Students Protesting the High School Dress Code That Banned Slacks for Girls in Brooklyn, New York City, 1942

This vintage photograph shows students protesting the high school dress code that banned slacks for girls in Brooklyn back in 1942. It illustrated a question in the Brooklyn Daily Eagle magazine on March 26 1942. As war raged around the globe, readers were invited to consider the burning question: “Should high school girls, particularly students of Abraham Lincoln High School on Ocean Parkway… be permitted to wear slacks to class?”

Girls show up in slacks at Abraham Lincoln High School, Brooklyn, in protest because a classmate, Beverly Bernstein, was suspended the day before for wearing slacks. Left to right: Roslyn Goldberg, Esther Cohen, Marian Hartman, Maryln Bodkin, Eleanor Groper. (Photo by Ben Sandhaus/NY Daily News Archive via Getty Images)

The article featured 16-year-old pupil Beverly Bernstein, who was suspended from Lincoln for showing up to class wearing blue gabardine slacks.

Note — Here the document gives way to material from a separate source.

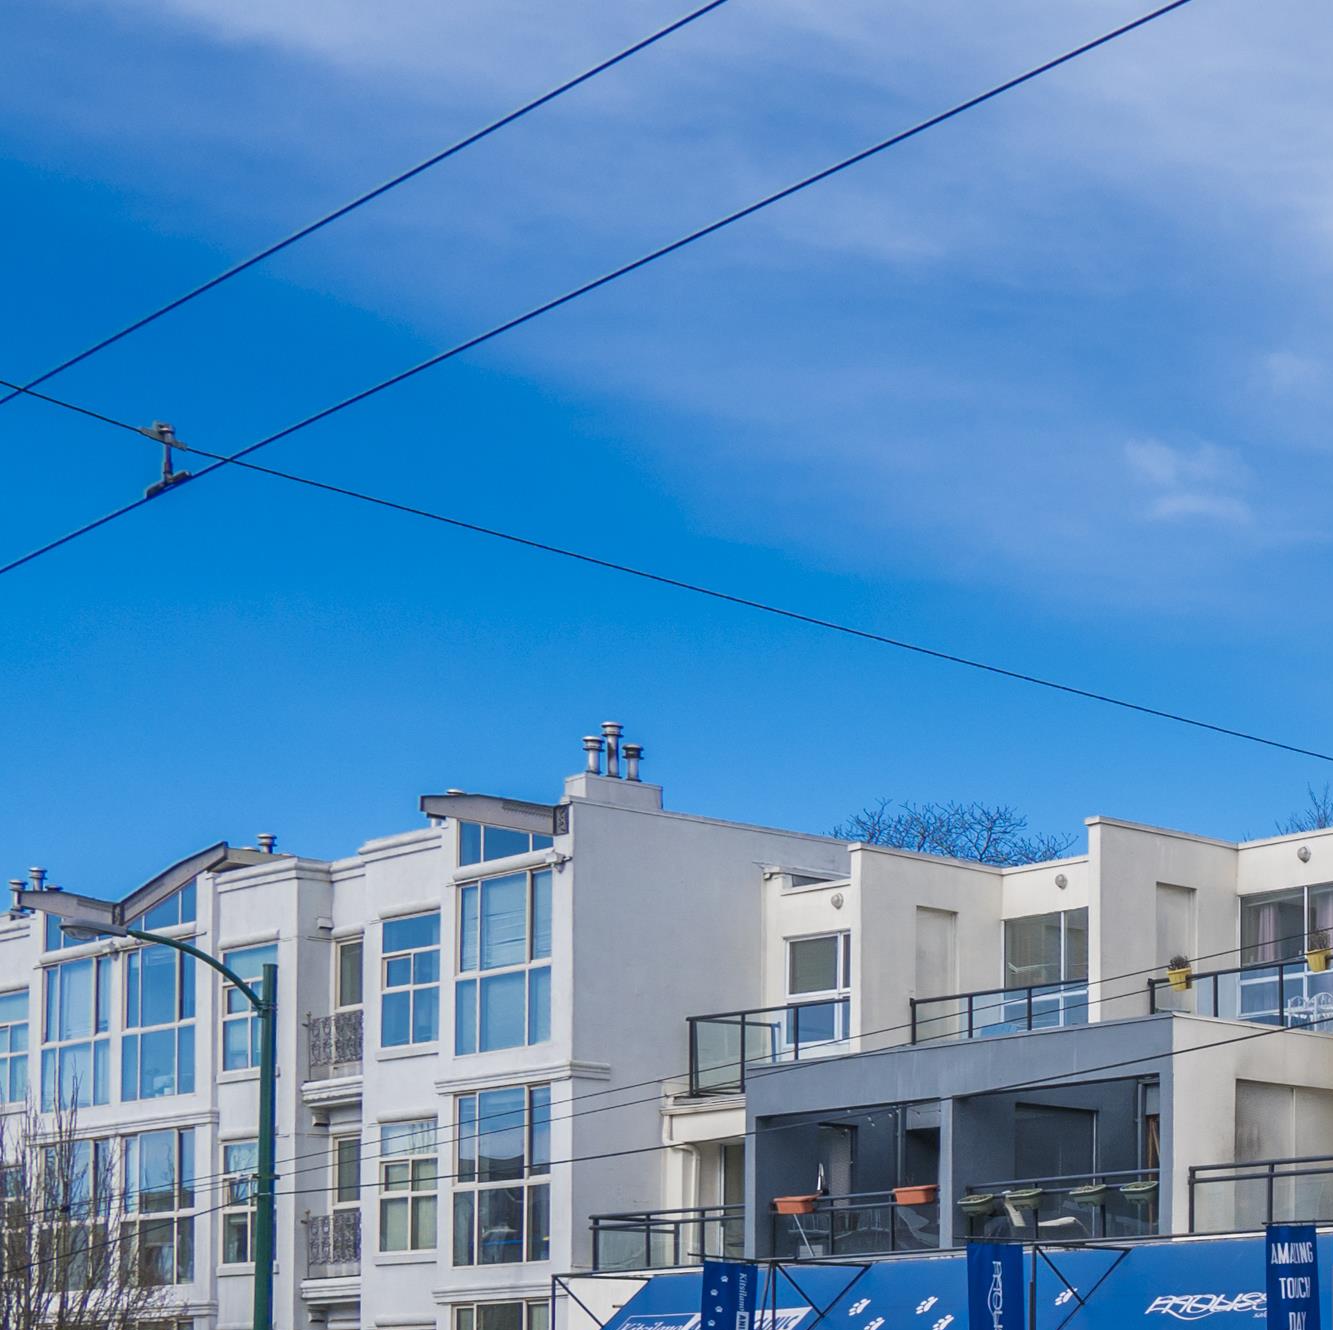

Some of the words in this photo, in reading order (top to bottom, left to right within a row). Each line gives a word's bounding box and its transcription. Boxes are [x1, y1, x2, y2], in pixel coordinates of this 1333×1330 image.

[1271, 1241, 1313, 1265] AMAZING
[738, 1272, 748, 1312] Kitsilano
[1279, 1277, 1311, 1299] TOUCH

“She wore them to school, along with a lipstick-red sweater,” the Eagle wrote, explaining that she was then sent to the office of the dean of girls, who apparently issued the suspension.

Outraged classmates showed their support by coming to school the next day in pants.

“Girls show up in slacks at Abraham Lincoln High School, Brooklyn, in protest because a classmate, Beverly Bernstein, was suspended the day before for wearing slacks,” reads the caption on the photo above.

These rule-breaking wartime students also circulated a petition, stating that girls should be allowed to wear pants because “they are better than skirts in the event of an air raid” and to “conserve silk stockings.”

Beverly Bernstein (Photo: New York Daily News)

Boys signed the petition as well, according to the Eagle.

The next day, the Eagle reported that Lincoln’s longtime principal decided that although he disapproved of slacks on girls, “if the girls wear them, we won’t get excited about it.”

This wasn’t the only Brooklyn high school student protest. In 1950, thousands of students across the borough walked out of class to support teacher pay raises.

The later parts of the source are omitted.